Storing variables into vectors makes vectorised computations possible: a function can be applied independently to each element of the vector, potentially leveraging hardware’s SIMD and FMA instructions to achieve instruction- and data-level parallelism as we discussed in Section 2.2. If the return value of the function is a scalar, the results can be saved in a second vector of the same length. Otherwise, the results can be saved in a dense matrix (Section 3.2.3) or in a data frame (Section 3.2.2) in which each row or column contains the return values for a single input element. Vectorised computations are also possible for lists using thread-level parallelism, assuming that the function can handle all the types of variables stored in the list. Its outputs would then be stored in a second list regardless of whether each of them is a scalar or not.

3.2.2 Representing Data with Data Frames

A data frame is a heterogeneous two-dimensional data structure with columns of potentially different types. Its primary task is storing tabular data and the associated metadata, such as column- and row-names. The implementations in Julia (DataFrame.jl) and Python (Pandas and Scikit-Learn (Scikit-learn Developers 2022)) have been heavily inspired by R data frames: they only have minor differences in their semantics. The most notable is that operations on two data frames will match cells by position in R and Julia (regardless of row- and column-names) and by row- and column-names in Python (regardless of the cell positions).

Figure 3.2: A schematic view of tabular data (bottom right) encoded as a data frame (left, top).

The fundamental structure of a data frame is that of a list: each column in the tabular data is a vector that is stored as an element along with its own metadata as shown in Figure 3.2. Therefore, each column is stored in a separate block of memory, and there are no constraints on the types of variables that can be stored in different columns. In addition, a data frame typically contains its dimensions and the labels of the rows and of the columns as metadata, making it possible to access its contents as we would with a table. The dimensions are the number of rows and columns of the data frame. The labels of the columns (called “column names” in R) can be used to access them by their names instead of by their positions in the data frame, which improves the readability of code and thus our ability to debug it. It makes the code invariant to the data layout as well. The labels of the rows (“row names” in R) serve the same function but are not used as often: they usually have no practical use in the common case in which we assume that data points are independent and identically distributed.

Data frames make it efficient to operate on columns. Creating a new data frame with a subset of columns is like subsetting a list, with the additional step of carrying over row and column labels as needed. Copying it can be done efficiently with a shallow copy. Adding a column to a data frame is similar: we perform a shallow copy into a new data frame with an empty slot in which we can insert the vector storing the column’s values. Applying a function to each column of a data frame can be vectorised and performed in parallel, and the appropriate method can be called for each column in the case of generic functions.

However, operating on rows is not efficient in most cases. Adding or removing data points involves modifying the length of each column, which will likely involve copying the chosen data points to newly-allocated vectors of the appropriate length.

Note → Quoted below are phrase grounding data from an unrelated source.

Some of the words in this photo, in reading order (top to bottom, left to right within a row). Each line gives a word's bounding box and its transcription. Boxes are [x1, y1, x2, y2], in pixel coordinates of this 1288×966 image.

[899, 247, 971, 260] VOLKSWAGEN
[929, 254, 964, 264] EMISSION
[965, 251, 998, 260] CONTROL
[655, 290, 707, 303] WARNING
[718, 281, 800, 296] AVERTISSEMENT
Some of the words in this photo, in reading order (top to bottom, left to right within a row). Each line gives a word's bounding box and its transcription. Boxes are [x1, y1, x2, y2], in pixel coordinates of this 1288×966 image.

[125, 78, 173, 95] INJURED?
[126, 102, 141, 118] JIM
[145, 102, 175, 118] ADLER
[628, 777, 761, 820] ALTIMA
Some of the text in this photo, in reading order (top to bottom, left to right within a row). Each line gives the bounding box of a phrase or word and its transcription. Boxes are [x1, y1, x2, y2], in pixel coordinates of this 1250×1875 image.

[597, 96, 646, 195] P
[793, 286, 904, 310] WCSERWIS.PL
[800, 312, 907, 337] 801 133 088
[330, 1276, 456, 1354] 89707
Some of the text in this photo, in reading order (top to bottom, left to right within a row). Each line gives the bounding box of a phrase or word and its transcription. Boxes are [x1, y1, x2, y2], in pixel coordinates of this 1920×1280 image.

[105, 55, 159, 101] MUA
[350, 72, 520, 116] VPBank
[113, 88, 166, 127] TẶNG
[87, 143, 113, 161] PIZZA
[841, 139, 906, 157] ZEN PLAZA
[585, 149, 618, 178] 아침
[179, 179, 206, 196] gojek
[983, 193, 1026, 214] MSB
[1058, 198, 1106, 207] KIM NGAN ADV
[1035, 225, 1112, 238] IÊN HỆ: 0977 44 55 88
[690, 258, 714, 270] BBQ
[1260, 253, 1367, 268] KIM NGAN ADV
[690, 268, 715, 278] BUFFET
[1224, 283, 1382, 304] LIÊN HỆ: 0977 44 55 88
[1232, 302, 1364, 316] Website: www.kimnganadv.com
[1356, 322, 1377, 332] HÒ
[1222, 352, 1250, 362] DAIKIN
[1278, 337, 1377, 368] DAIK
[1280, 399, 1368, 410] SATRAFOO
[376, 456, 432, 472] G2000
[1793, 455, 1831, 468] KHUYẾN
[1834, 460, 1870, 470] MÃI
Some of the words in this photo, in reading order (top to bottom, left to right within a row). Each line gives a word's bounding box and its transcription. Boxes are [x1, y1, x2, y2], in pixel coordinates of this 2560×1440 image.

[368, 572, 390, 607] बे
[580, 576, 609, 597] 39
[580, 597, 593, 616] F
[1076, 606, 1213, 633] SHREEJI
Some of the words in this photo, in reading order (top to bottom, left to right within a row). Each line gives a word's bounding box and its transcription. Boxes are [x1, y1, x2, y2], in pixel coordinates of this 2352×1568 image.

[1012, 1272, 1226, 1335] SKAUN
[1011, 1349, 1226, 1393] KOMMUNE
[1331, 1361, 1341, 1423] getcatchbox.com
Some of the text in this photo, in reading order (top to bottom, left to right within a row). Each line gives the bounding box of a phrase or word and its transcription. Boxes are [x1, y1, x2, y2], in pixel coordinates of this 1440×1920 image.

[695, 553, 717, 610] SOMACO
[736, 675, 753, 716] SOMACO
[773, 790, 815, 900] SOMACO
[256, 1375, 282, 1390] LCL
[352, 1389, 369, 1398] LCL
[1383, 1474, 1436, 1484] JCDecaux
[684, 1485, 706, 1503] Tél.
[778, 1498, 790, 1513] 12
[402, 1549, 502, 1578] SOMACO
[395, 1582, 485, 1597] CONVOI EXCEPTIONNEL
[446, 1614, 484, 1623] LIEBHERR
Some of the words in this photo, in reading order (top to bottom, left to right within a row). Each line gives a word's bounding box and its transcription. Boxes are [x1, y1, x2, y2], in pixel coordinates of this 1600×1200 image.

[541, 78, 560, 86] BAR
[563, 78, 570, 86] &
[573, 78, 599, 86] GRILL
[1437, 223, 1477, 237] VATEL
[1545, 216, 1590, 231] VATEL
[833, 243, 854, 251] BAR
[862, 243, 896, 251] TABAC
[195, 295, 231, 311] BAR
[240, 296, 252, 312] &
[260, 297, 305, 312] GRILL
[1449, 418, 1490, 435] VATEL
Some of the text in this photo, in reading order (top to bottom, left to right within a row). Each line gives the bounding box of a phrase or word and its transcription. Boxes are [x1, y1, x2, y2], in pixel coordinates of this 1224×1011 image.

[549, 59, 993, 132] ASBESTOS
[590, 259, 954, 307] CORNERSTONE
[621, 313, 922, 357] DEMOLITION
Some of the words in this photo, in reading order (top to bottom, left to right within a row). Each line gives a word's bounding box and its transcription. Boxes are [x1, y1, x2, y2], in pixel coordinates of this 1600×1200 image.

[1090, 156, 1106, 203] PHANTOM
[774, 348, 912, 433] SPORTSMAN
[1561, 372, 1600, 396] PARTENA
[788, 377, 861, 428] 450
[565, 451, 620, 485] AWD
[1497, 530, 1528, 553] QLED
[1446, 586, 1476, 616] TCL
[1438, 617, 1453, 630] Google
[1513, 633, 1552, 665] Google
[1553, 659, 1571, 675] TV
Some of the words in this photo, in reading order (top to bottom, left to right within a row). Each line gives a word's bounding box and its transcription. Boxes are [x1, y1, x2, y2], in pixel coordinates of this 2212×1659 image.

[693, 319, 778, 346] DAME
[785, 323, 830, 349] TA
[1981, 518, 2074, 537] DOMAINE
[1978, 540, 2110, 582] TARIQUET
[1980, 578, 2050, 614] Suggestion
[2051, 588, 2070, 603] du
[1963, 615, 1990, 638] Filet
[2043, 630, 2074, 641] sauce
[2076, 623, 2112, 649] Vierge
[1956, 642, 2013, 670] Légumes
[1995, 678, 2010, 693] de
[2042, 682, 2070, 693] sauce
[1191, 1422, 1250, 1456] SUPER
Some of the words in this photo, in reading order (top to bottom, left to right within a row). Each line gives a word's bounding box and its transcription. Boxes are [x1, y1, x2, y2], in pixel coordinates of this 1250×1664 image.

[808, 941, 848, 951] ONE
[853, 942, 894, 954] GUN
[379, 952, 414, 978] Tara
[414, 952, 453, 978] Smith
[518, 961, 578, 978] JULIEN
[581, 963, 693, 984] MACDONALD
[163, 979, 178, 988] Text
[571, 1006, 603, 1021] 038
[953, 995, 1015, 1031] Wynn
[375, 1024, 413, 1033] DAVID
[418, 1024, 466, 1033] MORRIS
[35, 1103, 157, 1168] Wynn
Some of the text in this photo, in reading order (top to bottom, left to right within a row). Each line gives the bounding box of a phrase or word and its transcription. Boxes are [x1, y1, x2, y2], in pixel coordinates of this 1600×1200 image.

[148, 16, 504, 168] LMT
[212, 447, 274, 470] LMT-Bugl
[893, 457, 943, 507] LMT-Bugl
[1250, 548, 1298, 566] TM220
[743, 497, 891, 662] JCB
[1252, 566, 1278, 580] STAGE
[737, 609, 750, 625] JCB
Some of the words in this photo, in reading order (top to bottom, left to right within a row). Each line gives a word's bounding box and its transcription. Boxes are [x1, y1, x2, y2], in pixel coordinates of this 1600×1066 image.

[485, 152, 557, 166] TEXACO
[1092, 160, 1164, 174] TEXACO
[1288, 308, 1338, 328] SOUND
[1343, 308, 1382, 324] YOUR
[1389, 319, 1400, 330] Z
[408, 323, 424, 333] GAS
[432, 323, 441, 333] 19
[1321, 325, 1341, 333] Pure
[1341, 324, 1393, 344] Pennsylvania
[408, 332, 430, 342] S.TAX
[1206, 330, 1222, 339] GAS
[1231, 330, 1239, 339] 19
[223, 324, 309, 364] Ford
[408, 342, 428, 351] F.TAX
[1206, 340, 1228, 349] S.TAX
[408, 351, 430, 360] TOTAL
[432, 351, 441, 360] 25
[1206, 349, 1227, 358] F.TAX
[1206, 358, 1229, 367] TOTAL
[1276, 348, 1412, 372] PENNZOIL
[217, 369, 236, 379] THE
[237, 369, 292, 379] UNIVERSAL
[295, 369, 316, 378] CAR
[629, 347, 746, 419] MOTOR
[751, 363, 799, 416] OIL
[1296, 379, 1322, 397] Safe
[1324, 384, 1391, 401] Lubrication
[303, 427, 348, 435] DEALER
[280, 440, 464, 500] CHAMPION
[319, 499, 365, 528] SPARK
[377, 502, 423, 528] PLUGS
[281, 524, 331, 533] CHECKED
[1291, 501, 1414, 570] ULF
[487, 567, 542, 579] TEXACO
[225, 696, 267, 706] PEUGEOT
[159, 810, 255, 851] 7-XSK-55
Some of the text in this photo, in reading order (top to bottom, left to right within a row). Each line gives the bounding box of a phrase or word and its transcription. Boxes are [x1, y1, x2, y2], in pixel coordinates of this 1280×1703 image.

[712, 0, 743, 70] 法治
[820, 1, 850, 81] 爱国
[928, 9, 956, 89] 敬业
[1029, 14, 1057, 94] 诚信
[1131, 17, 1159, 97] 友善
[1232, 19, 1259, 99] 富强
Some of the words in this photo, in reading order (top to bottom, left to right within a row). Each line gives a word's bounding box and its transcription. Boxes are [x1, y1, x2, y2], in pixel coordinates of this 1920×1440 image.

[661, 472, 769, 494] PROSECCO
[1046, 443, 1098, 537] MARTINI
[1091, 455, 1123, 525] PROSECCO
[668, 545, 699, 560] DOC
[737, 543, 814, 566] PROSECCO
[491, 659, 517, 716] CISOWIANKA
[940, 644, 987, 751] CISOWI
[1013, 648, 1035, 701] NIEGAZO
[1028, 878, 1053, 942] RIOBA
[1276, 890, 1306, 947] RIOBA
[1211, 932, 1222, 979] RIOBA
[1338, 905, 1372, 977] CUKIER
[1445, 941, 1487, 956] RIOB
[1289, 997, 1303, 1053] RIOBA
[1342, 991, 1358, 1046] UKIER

3.2.3 Dense and Sparse Matrices

A matrix is a homogeneous two-dimensional data structure holding a grid of variables of the same type arranged into rows and columns. It is the programming construct that represents the mathematical objects of the same name studied in linear algebra. Matrices can be dense or sparse. Most of the elements of dense matrices are informative (that is, non-zero cells) and therefore must be stored in the data structure. On the other hand, most of the elements of sparse matrices are equal to zero so we can save considerable amounts of memory by storing only the locations and the values of the few non-zero elements. We will cover the trade-off between speed and memory use for these two types of matrices in Section 4.5.2 while discussing computational complexity.

In Python, dense matrices are implemented in NumPy as a special case of multidimensional arrays along with vectors (Harris et al. 2020). The same is true in R. In both cases, the data structure encoding a multidimensional array comprises the pointer to the first element of the array; the variable type of the elements; and the dimensions of the array, which determine its shape (Figure 3.3). The dimensions and the variable type of the elements determine the strides: the number of bytes skipped in memory to proceed to the next element along a given dimension. They are pre-calculated and stored in NumPy but not in R. On the other hand, R arrays contain labels for their dimensions (row and column names in the case of matrices). The elements are stored as a vector, typically in column-major order: the columns of the matrix are concatenated starting from the left-most one.

Figure 3.3: A schematic view of a dense matrix (left) encoded as a multidimensional array with variables stored in column-major format (right).

Storing dense matrices as a list of columns, or as a list of rows, is typical in C and but it is less common in higher-level languages, where we can use data frames for the same purpose.

The fact that multidimensional arrays store their dimensions as metadata allows three types of operations on their elements. The first is vectorised operations in which a function is applied individually to each element. The second is what is called broadcasting in Python and Julia and recycling in R: when a function operates on two arrays with different dimensions, the shorter array is repeated (that is, virtually concatenated to itself) to make the shapes of the operands match. The third is marginalisation or reduction: aggregating elements across one or more dimensions of an array, for instance, by summing or averaging them, to produce a second array with fewer dimensions.

Sparse matrices are supported in R through the Matrix package (Bates and Maechler 2021) and in Python through the SciPy package (Virtanen et al. 2020). For brevity, we will only illustrate in detail the compressed sparse column data structure that is the most widely used in both packages. Consider the sparse matrix shown in Figure 3.4 along with its compressed representation from the Matrix package. The three vectors in the data structure contain, from top to bottom: the start and end indexes of each column ($C$), the row of each non-zero cell in the matrix ($R$) and its value ($V$). This representation assumes that the non-zero cells are stored in position order, starting from the top-left cell, moving down within each column, and considering columns from left to right.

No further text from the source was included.